May 5, 20188 yr Hi, i want to run Dockers and VMs on a cache drive. The drive would be used as regular cache drive as well with the appdata folder set to "Yes" for cache which means apps write to SSD first and it is moved to spinning disks at night for redundancy. Now i read somewhere but dont remember where that this "mover" messes up permissions for the appdata folder and i will have problems with my dockers after this runs. Is this still true or was this old info? Don’t understand how this would be a problem since appdata woult be accessed via /mnt/user/appdata which is a FUSE? Is it true that this would be a problem and i need another SSD for a cache pool if i want redundancy? Edited May 5, 20188 yr by maciekish
May 5, 20188 yr Community Expert Not sure what you were reading but likely you don't remember correctly. The normal way is to set appdata and any other shares related to docker or VMs to cache-prefer or cache-only so it stays on cache. If this is a new install then the 'system' shares should already be cache-prefer. There is help on the user share settings page and here is a more detailed explanation: https://lime-technology.com/forums/topic/46802-faq-for-unraid-v6/?page=2#comment-537383
May 5, 20188 yr Author 5 minutes ago, trurl said: Not sure what you were reading but likely you don't remember correctly. The normal way is to set appdata and any other shares related to docker or VMs to cache-prefer or cache-only so it stays on cache. If this is a new install then the 'system' shares should already be cache-prefer. There is help on the user share settings page and here is a more detailed explanation: https://lime-technology.com/forums/topic/46802-faq-for-unraid-v6/?page=2#comment-537383 Well thats the „problem”. I only have one cache SSD for now so i want cache „yes” not „prefer”. The question is whether the mover will mess up the permissions if i do this. Reason being all appdata would be unprotected with cache „prefer” otherwise. Edited May 5, 20188 yr by maciekish
May 5, 20188 yr Community Expert No you still don't want yes. If you are worried about redundancy for these then you need a cache-pool or take a look at the CA Backup plugin. There is no good reason to move appdata or VMs. Probably they wouldn't move anyway since mover can't move open files. And they might even break if you did move them. Nobody sets these to cache-yes.
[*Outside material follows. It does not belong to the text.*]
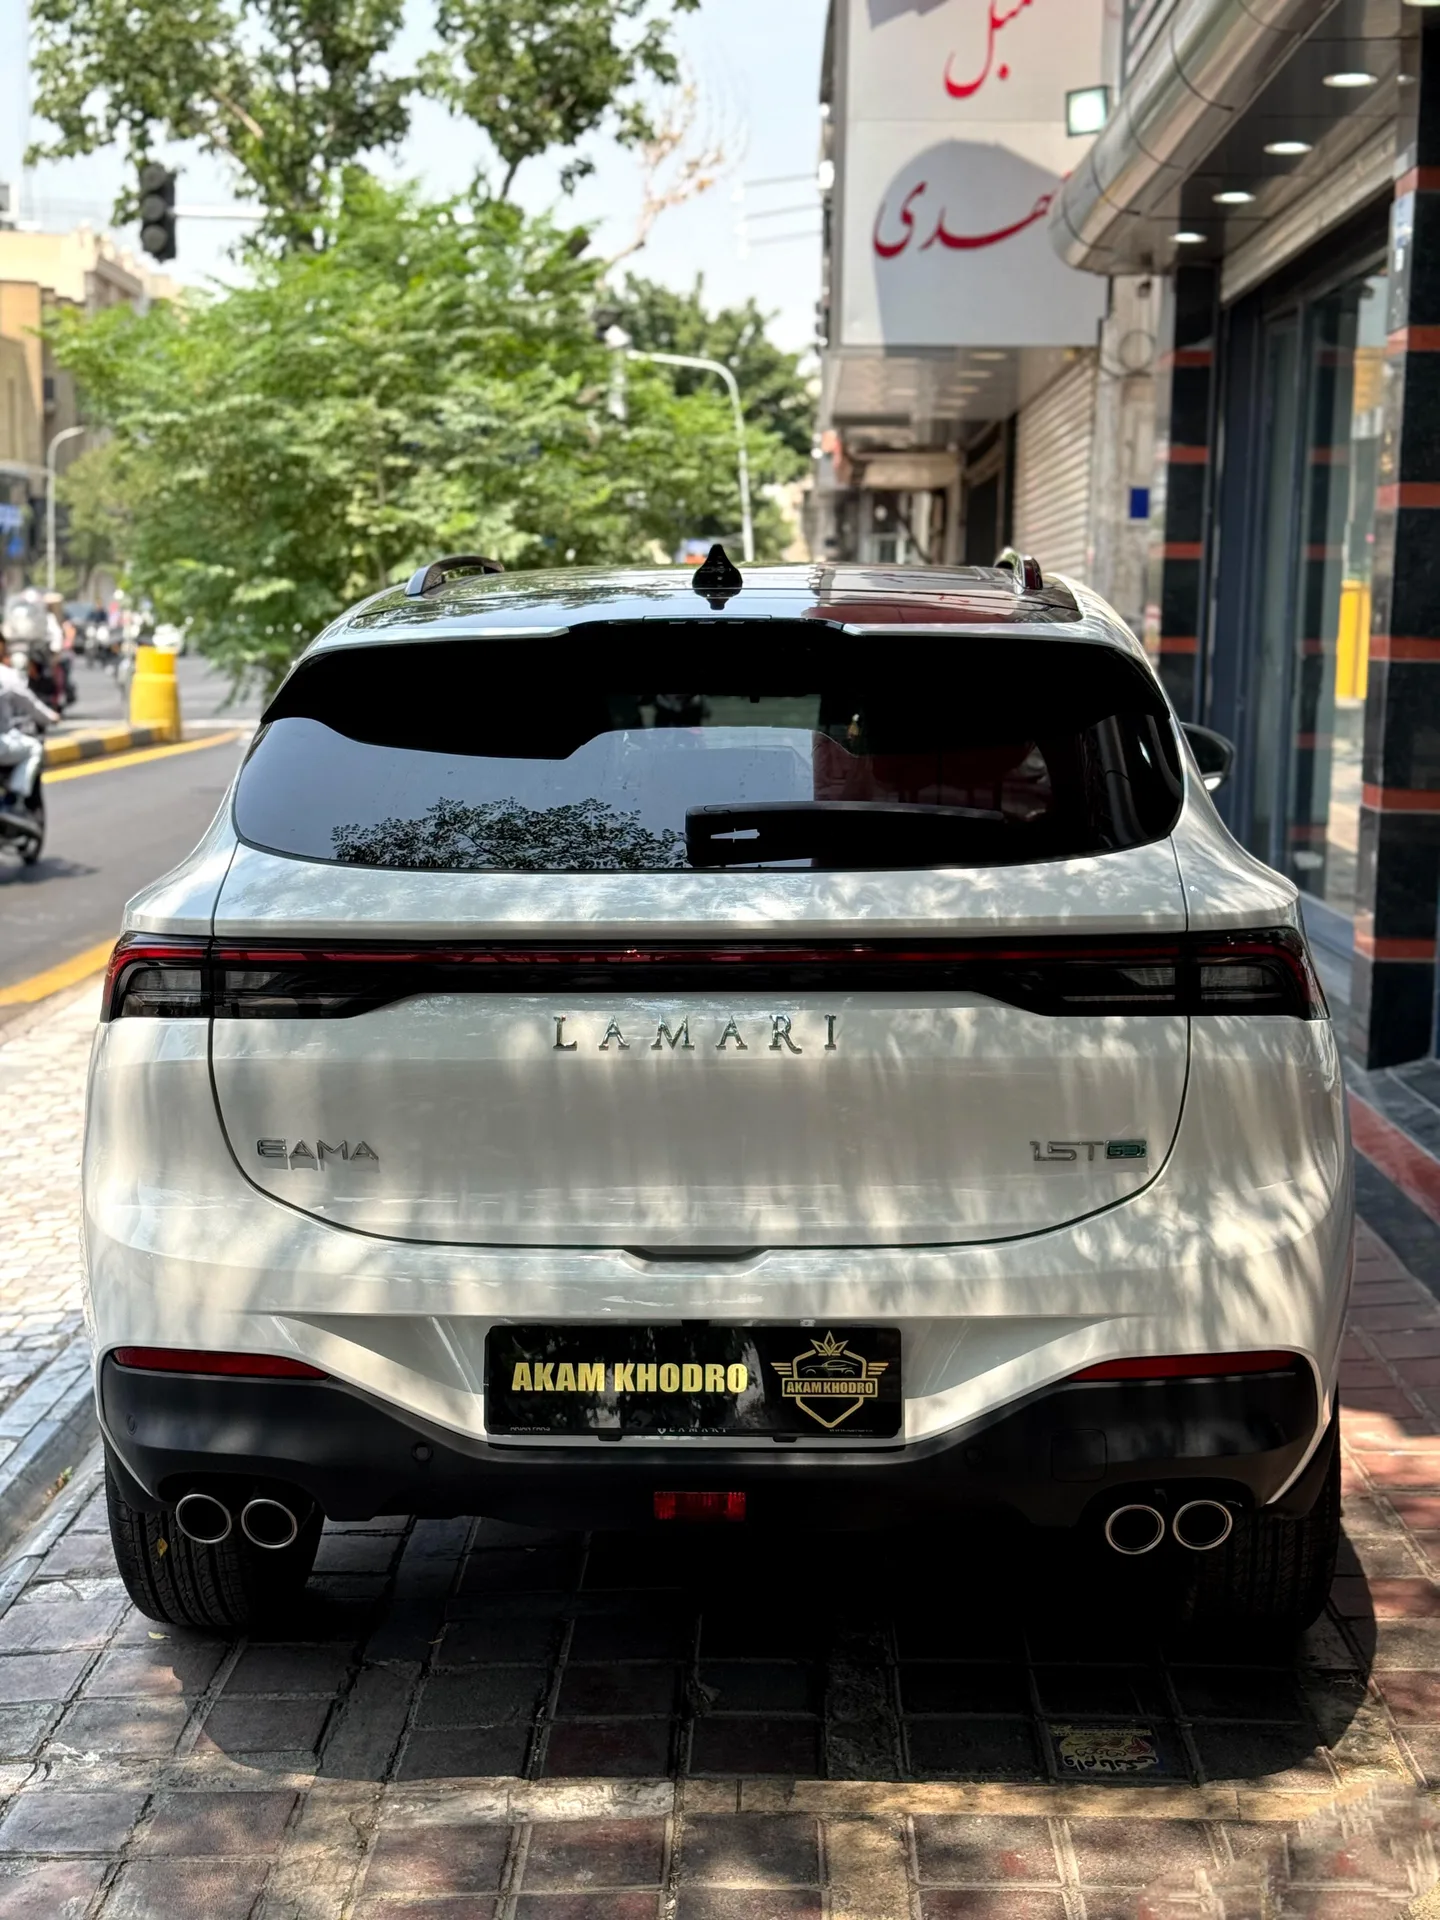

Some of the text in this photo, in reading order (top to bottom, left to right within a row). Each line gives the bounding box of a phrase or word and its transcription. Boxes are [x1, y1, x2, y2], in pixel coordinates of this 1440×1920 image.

[553, 1013, 840, 1054] LAMARI
[256, 1138, 380, 1161] EAMA
[511, 1362, 749, 1394] AKAM KHODRO
[786, 1381, 874, 1394] AKAM KHODRO
May 5, 20188 yr Community Expert I hope you are just as concerned about your data on the parity array. Parity isn't a substitute for backups. Make sure you have a backup plan for any important irreplaceable data.
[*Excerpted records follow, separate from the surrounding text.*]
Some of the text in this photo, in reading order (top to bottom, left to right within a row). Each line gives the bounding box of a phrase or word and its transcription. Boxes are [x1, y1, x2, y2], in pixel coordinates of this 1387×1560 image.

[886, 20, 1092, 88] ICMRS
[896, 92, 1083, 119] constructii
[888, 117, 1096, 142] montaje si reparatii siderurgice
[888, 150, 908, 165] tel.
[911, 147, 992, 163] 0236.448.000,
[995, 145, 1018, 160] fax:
May 5, 20188 yr Author 33 minutes ago, trurl said: No you still don't want yes. If you are worried about redundancy for these then you need a cache-pool or take a look at the CA Backup plugin. There is no good reason to move appdata or VMs. Probably they wouldn't move anyway since mover can't move open files. And they might even break if you did move them. Nobody sets these to cache-yes. Thanks for CA Backup, might be all i need. Is there anything similar for VMs? And yes, i know its not a backup substitute, everything important goes to Glacier on my current setup and will on unRAID as well. Would it make sense to set the appdata share to "only" cache in this case then? Edited May 5, 20188 yr by maciekish
May 5, 20188 yr Community Expert 11 minutes ago, maciekish said: Would it make sense to set the appdata share to "only" cache in this case then? That is the simpler approach and probably what many use. Take a look at that link I gave. 'Prefer' is another possibility but if you did have overflow you would probably have to stop VMs or dockers and manually run mover since as I said it won't move open files.